SAP and affiliated attendees included Tim Januschowski from the SAP Innovation Center, Martin Lorenz from the Hasso Plattner Institute, and Roland Martin and my humble self from the Center of Excellence Forecasting and Replenishment, SAP (Switzerland) AG, Tägerwilen. Tim and Martin gave a talk on “Demand Forecasting with Partial POS Data using In-Memory Technology”, introducing participants to what SAP HANA can do for them in the field of big data forecasting. Roland presented a talk on “Percentage Errors can Ruin your Day – and Rolling Dice Shows Why”, giving a simple example to illustrate why widely used forecasting error measures may be misleading under certain circumstances.
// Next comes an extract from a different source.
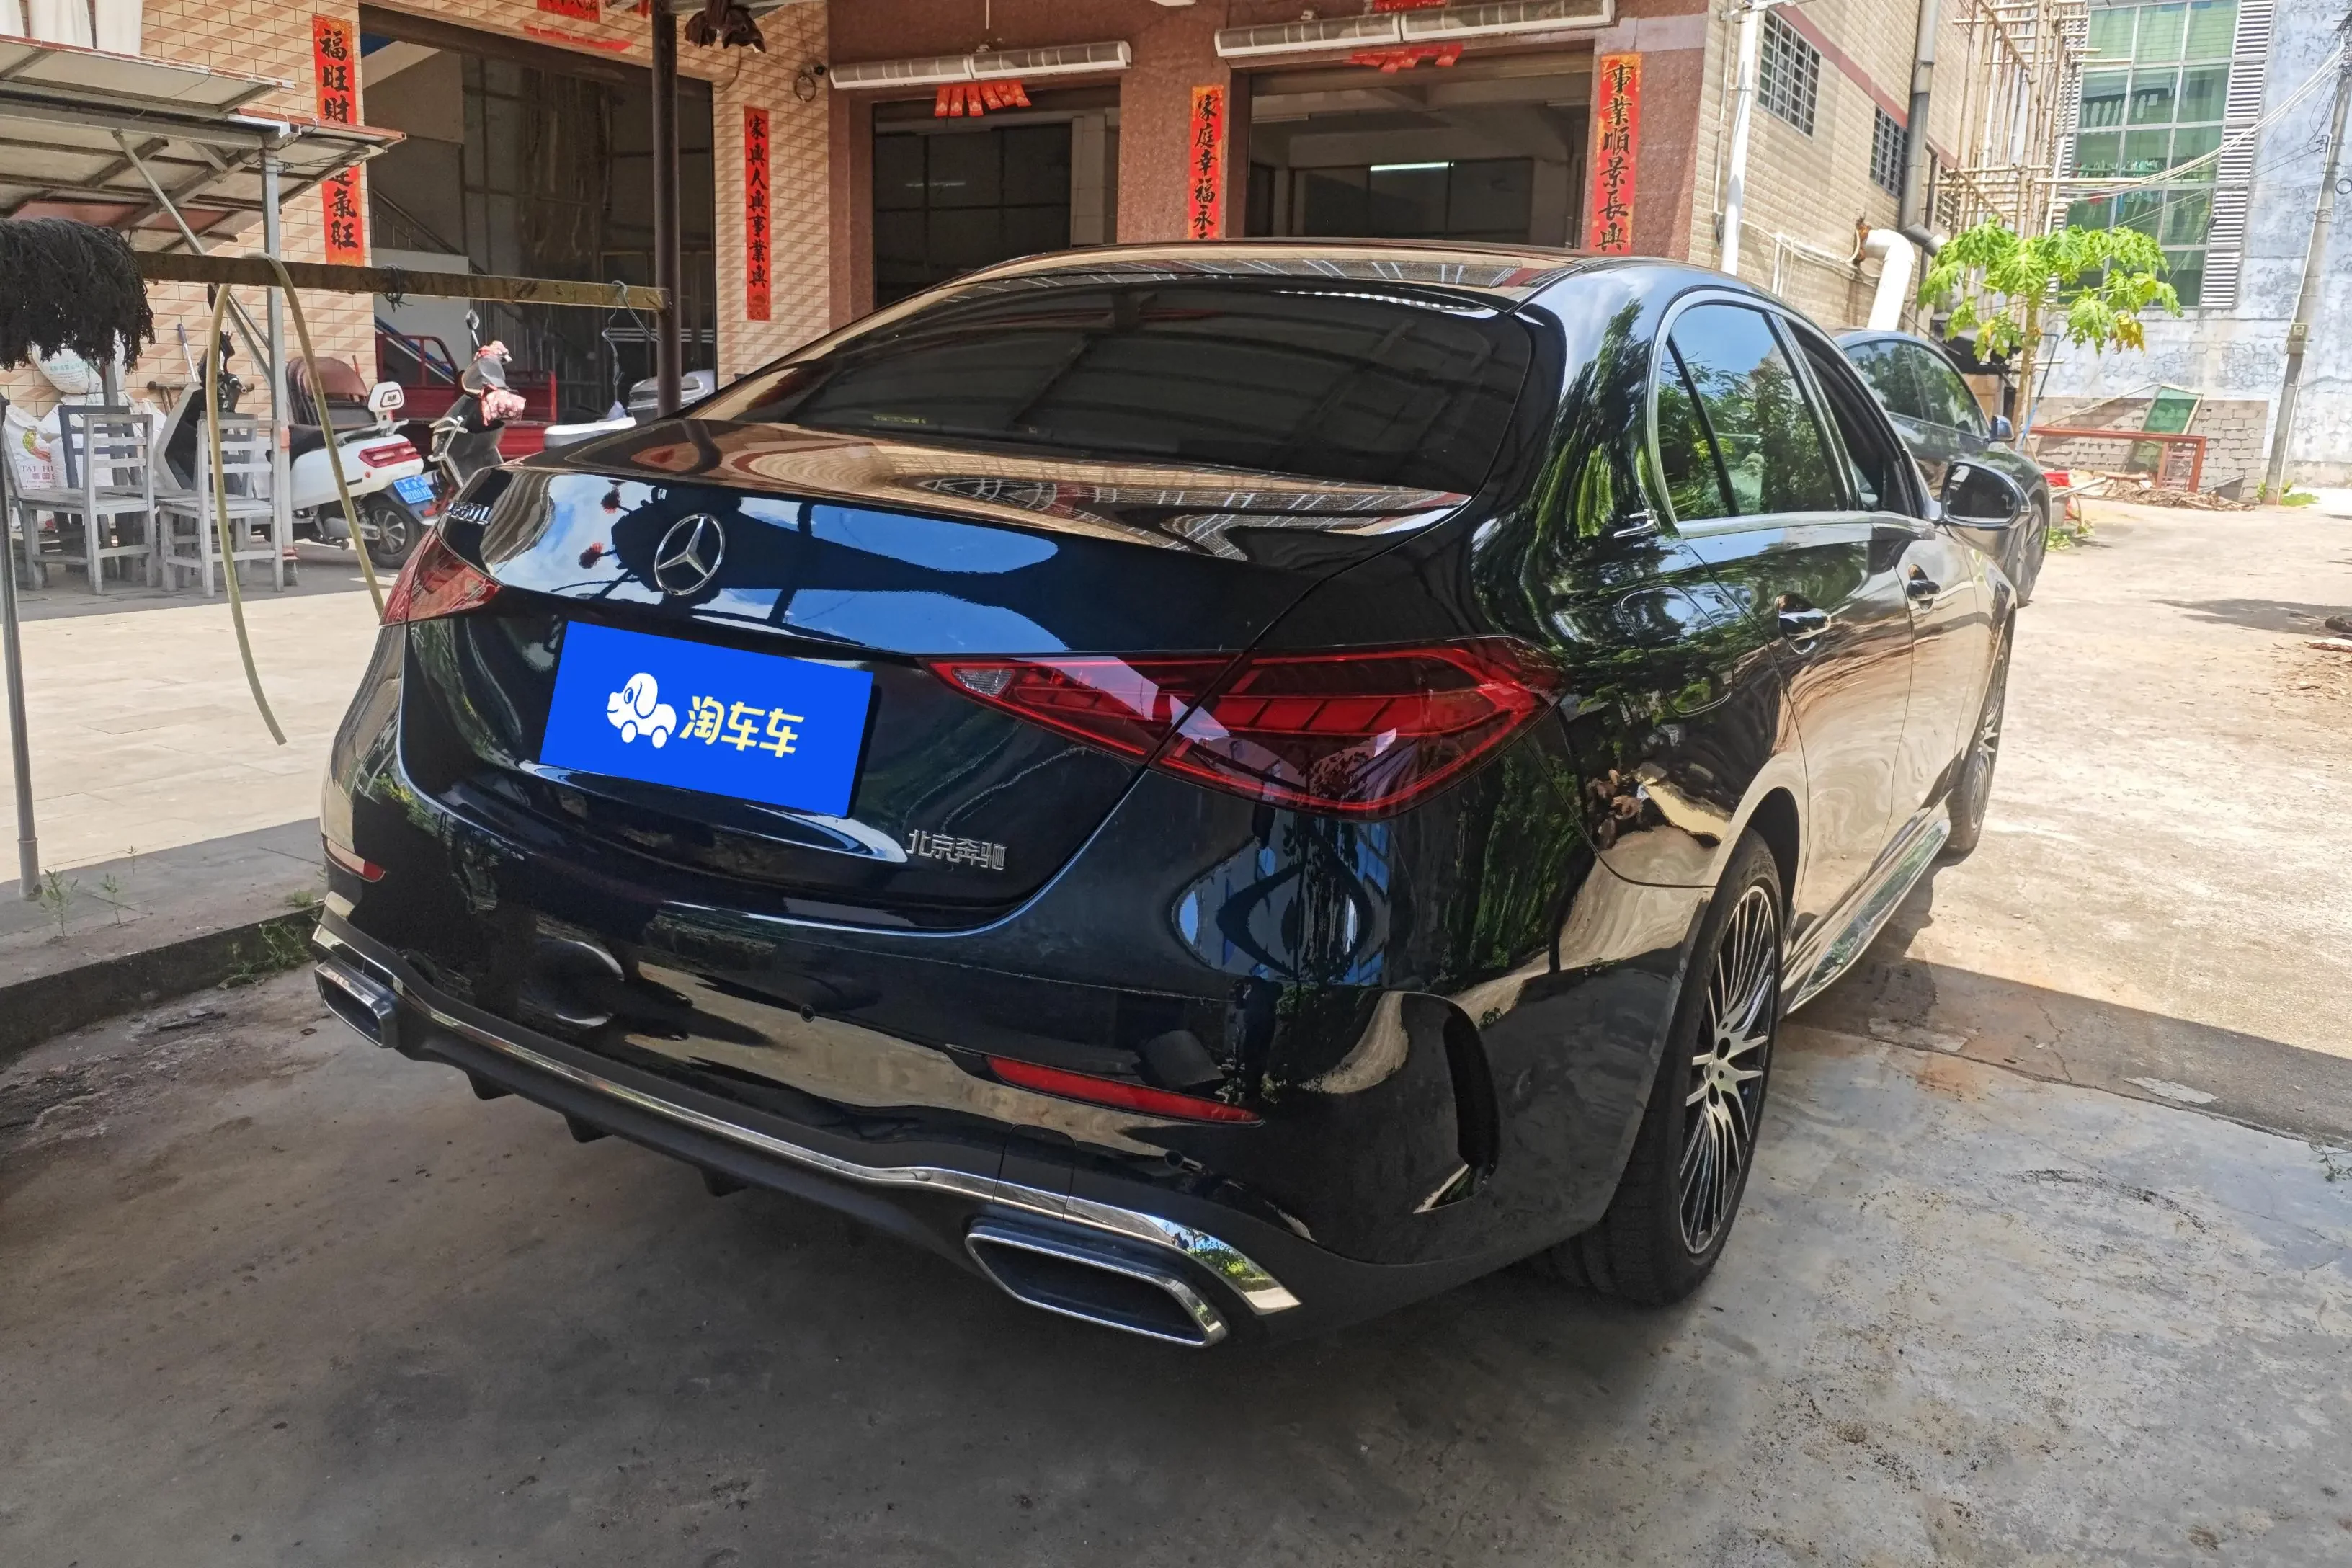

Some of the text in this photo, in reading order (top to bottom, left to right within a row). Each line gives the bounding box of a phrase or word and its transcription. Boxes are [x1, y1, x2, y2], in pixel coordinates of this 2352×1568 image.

[1193, 94, 1218, 239] 家庭幸福永
[906, 829, 1009, 870] 北京奔驰
This talk was based on an article Roland and I recently published in the practitioners’ journal Foresight. In addition, Roland gave a very well received pre-conference workshop on “Forecasting to Meet Demand”, discussing what we have learned in our long experience with forecasting large numbers of demand time series in a Retail environment.

 

On the weekend prior to the conference, I attended the meeting of the Board of Directors of the International Institute of Forecasting, the scientific body that organizes the ISF and coordinates other aspects of forecasting research, having been elected to the Board of Directors in 2011 for a term lasting until 2014. I could not attend the second day of the ISF, switching instead to the SAP Forecasting and Replenishment Forum, which was held in Boston on June 26-27. I presented the unified demand forecast, which will bring together the forecasting expertise formerly divided between the forecasting methodologies used in Forecasting & Replenishment on the one side and Promotion Management for Retail (PMR) and Trade Promotion Optimization (TPO) on the other side. The SAP Forecasting and Replenishment Forum will be discussed here in a separate entry soon – stay tuned!

 

The 2013 ISF will be held on June 23-26 at KAIST Business School in Seoul, South Korea. We are all looking forward to once again showcasing what SAP has to offer in the field of forecasting – for Retail and the rest of the world!